Here are 10 things you need to know about religious liberty:
1. Religious liberty is alive and well in America. And the public knows it. According to a poll by the Public Religion Research Institute, a majority of Americans (56 percent) do not believe religious liberty is threatened. This includes majorities of Catholics, white mainline Protestants, minority Protestants, and the unaffiliated. What’s more, the Pew Forum on Religion and Public Life reports that a majority of Americans pray daily, attend worship services regularly, and say that religion is very important in their lives.
2. The government requirement that employers include contraceptive coverage in their health care plans does not threaten religious liberty. The Health and Human Services regulation provides a religious exemption to houses of worship and related religious institutions. Moreover, religiously affiliated institutions like hospitals, schools, and charities that object to birth control will not have to pay for contraceptive coverage because of an additional accommodation the administration offers. This policy protects the religious liberty of institutions, as well as that of female employees who use contraception in accordance with their conscience and values.

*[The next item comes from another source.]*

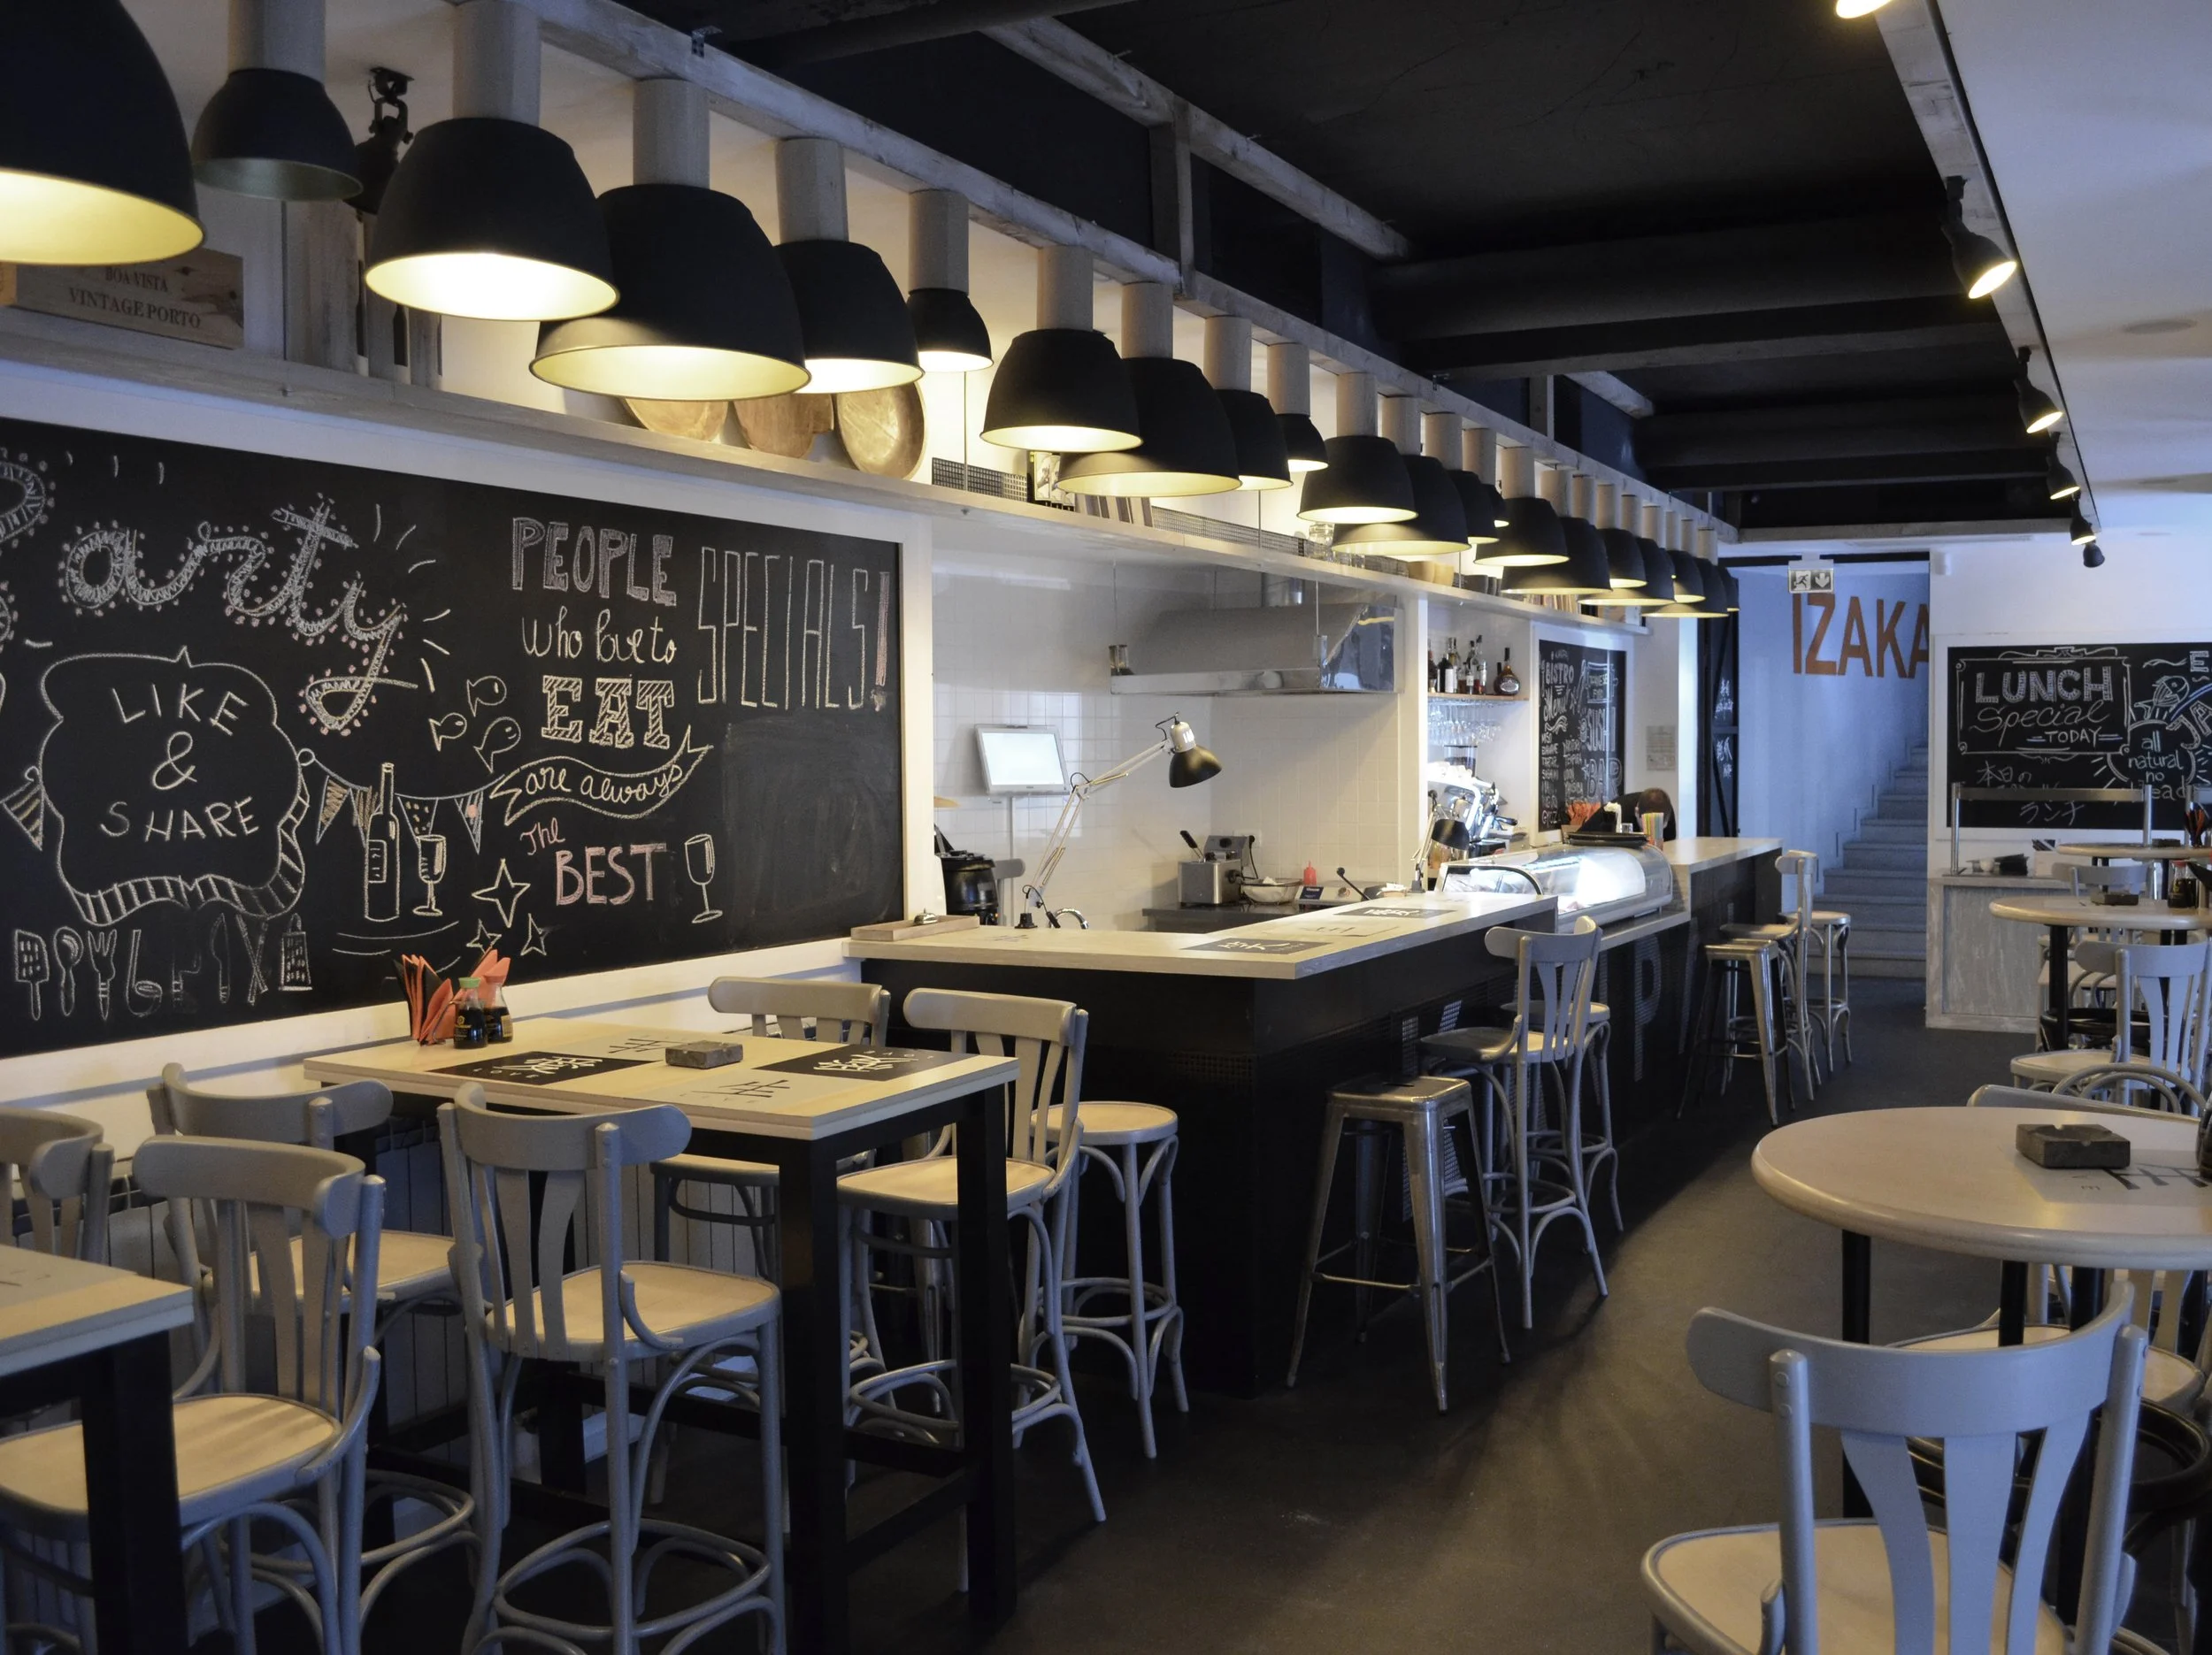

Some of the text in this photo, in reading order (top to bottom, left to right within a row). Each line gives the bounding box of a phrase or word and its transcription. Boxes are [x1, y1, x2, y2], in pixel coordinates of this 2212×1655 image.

3. Marriage equality laws do not threaten religious liberty. Seven states (Connecticut, Vermont, New York, New Hampshire, Washington, Massachusetts, and Iowa) and Washington, D.C., have legalized same-sex marriage. Some have done so through legislation. Each state that passed marriage equality laws has included religious protections in their laws exempting clergy from performing same-sex marriages and granting immunity from lawsuits to religious institutions for refusing to provide goods and services related to same-sex marriage.
4. The government is not waging a war on religion. Despite claims by Catholic bishops that the current administration is engaged in a war against them, federal funding to Catholic organizations has increased during the past two years. Groups getting more money include Catholic Relief services ($12.45 million in 2008 to $57.89 million in 2011), Catholic Charities USA ($440 million in 2008 to $554 million in 2010), the Catholic Medical Mission Board ($500,000 in 2008 to $7 million in 2011), and others.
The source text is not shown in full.